↓

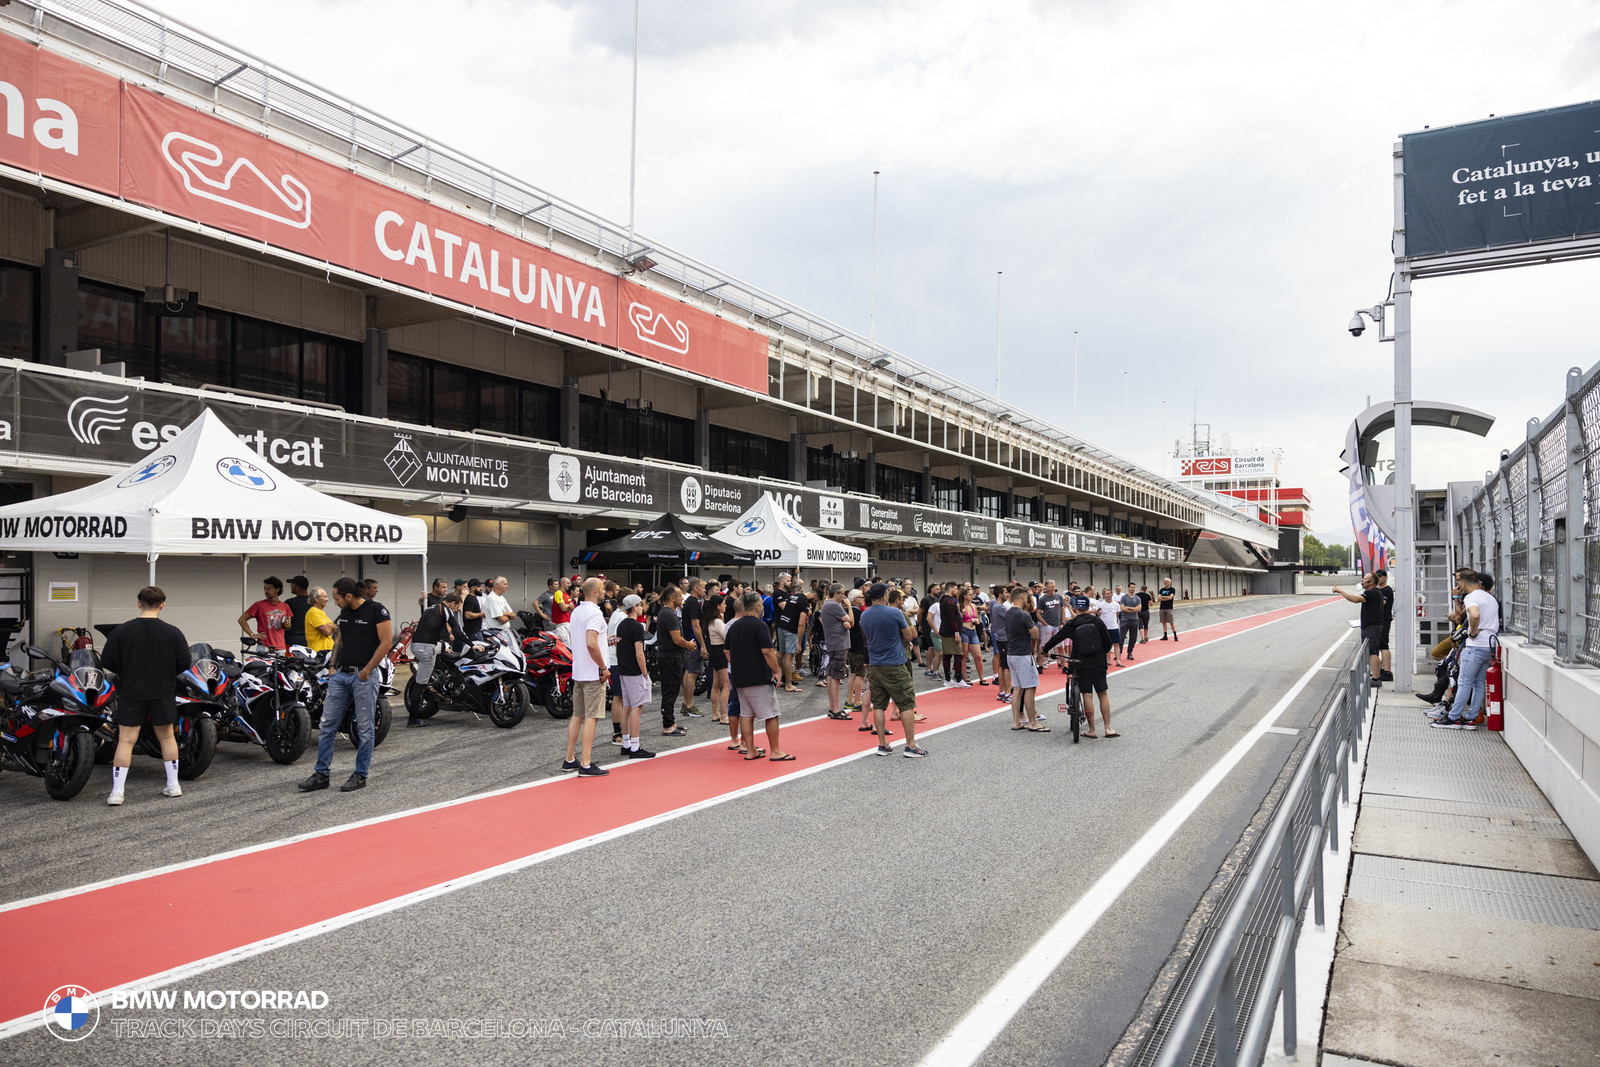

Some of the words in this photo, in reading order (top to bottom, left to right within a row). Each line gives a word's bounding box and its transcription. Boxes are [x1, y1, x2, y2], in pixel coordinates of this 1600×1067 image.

↑
↓

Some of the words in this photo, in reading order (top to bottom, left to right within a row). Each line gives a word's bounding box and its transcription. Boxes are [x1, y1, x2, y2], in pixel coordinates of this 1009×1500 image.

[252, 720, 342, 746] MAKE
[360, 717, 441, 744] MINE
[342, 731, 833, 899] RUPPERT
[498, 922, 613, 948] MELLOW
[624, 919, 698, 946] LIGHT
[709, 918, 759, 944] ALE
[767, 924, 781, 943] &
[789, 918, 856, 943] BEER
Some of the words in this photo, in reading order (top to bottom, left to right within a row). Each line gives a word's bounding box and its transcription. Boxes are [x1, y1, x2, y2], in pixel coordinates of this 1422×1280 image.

↑

**YOUR ASSIGNMENT:** Starting at the line above that contains "this 1009×1500 image.", write out each line exactly until the line that contains "this 1422×1280 image." has been written, and stop there.

**FINAL ANSWER:**
Some of the words in this photo, in reading order (top to bottom, left to right within a row). Each line gives a word's bounding box and its transcription. Boxes are [x1, y1, x2, y2], in pixel coordinates of this 1009×1500 image.

[252, 720, 342, 746] MAKE
[360, 717, 441, 744] MINE
[342, 731, 833, 899] RUPPERT
[498, 922, 613, 948] MELLOW
[624, 919, 698, 946] LIGHT
[709, 918, 759, 944] ALE
[767, 924, 781, 943] &
[789, 918, 856, 943] BEER
Some of the words in this photo, in reading order (top to bottom, left to right within a row). Each line gives a word's bounding box and its transcription. Boxes are [x1, y1, x2, y2], in pixel coordinates of this 1422×1280 image.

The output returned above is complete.